What the task asks: Every record below is to be retyped exactly, with any pictures left out.
::::::
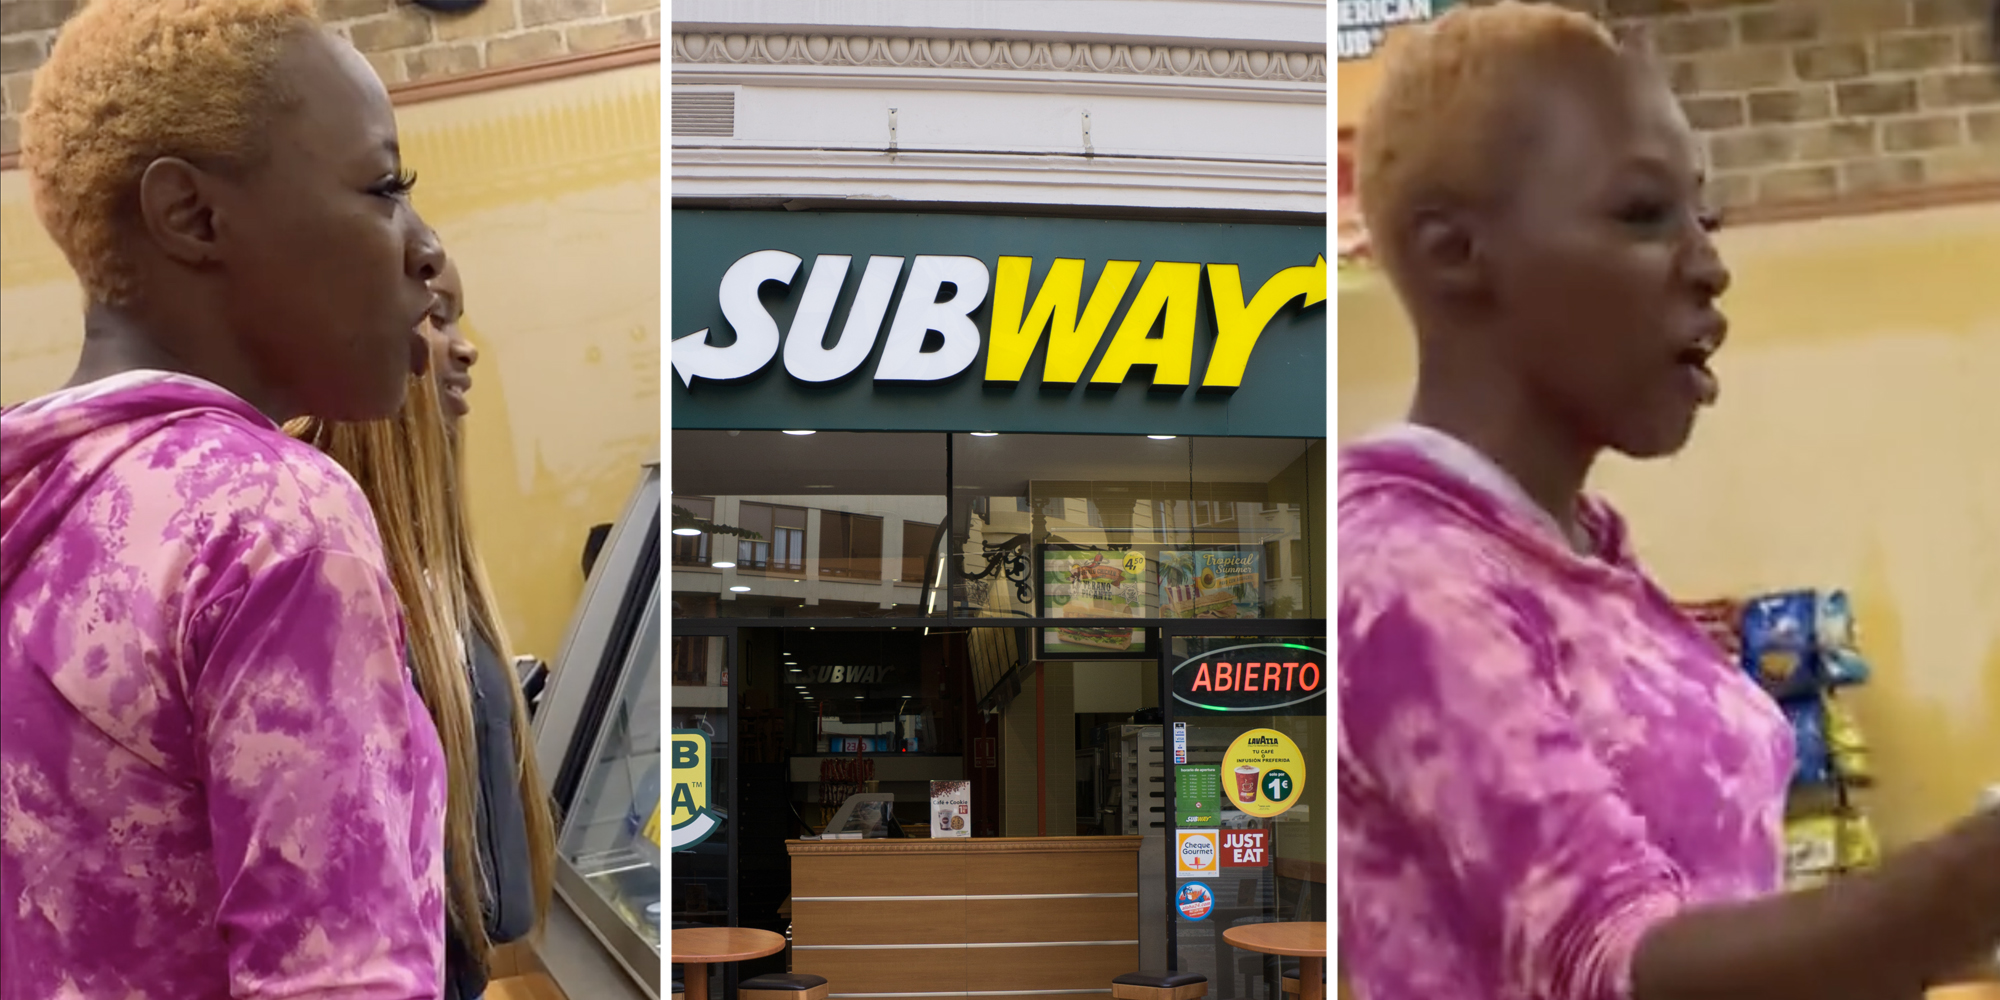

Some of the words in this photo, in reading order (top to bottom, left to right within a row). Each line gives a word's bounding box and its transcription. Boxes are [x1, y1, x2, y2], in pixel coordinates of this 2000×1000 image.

[672, 248, 1326, 394] SUBWAY
[1203, 553, 1254, 566] Tropical
[1215, 565, 1252, 574] Summer
[1083, 580, 1112, 592] VERANO
[1081, 588, 1113, 601] PICANTE
[801, 664, 896, 684] SUBWAY
[1191, 661, 1321, 693] ABIERTO
[1247, 735, 1279, 745] LAVAZZA
[1185, 815, 1212, 823] SUBWAY
[1184, 841, 1211, 849] Cheque
[1223, 833, 1264, 848] JUST
[1233, 848, 1264, 863] EAT
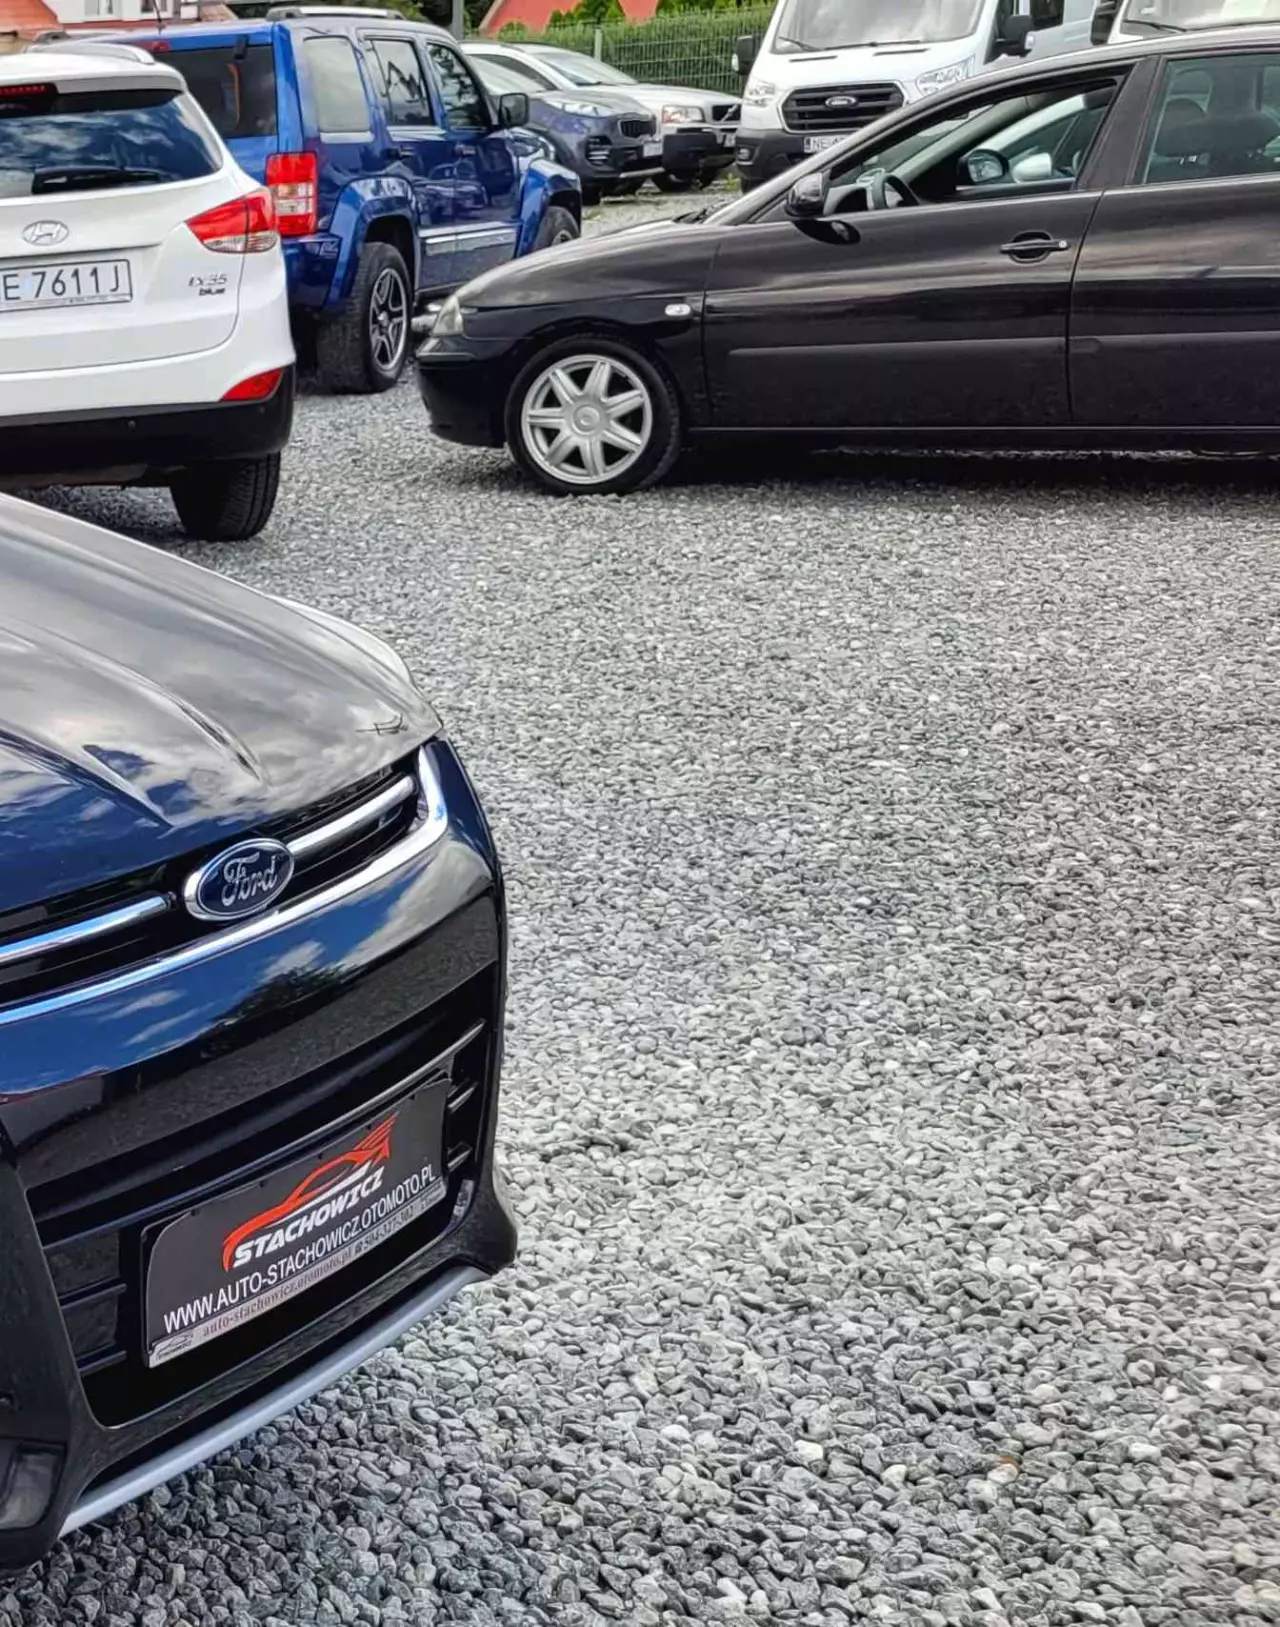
::::::
Output for this task:
Some of the words in this photo, in reading order (top to bottom, left to right within a row). Each line gives a word's bounding box and its transcription. Boxes are [x1, y1, x2, y2], in pixel coordinates of this 2000×1000 image.

[672, 248, 1326, 394] SUBWAY
[1203, 553, 1254, 566] Tropical
[1215, 565, 1252, 574] Summer
[1083, 580, 1112, 592] VERANO
[1081, 588, 1113, 601] PICANTE
[801, 664, 896, 684] SUBWAY
[1191, 661, 1321, 693] ABIERTO
[1247, 735, 1279, 745] LAVAZZA
[1185, 815, 1212, 823] SUBWAY
[1184, 841, 1211, 849] Cheque
[1223, 833, 1264, 848] JUST
[1233, 848, 1264, 863] EAT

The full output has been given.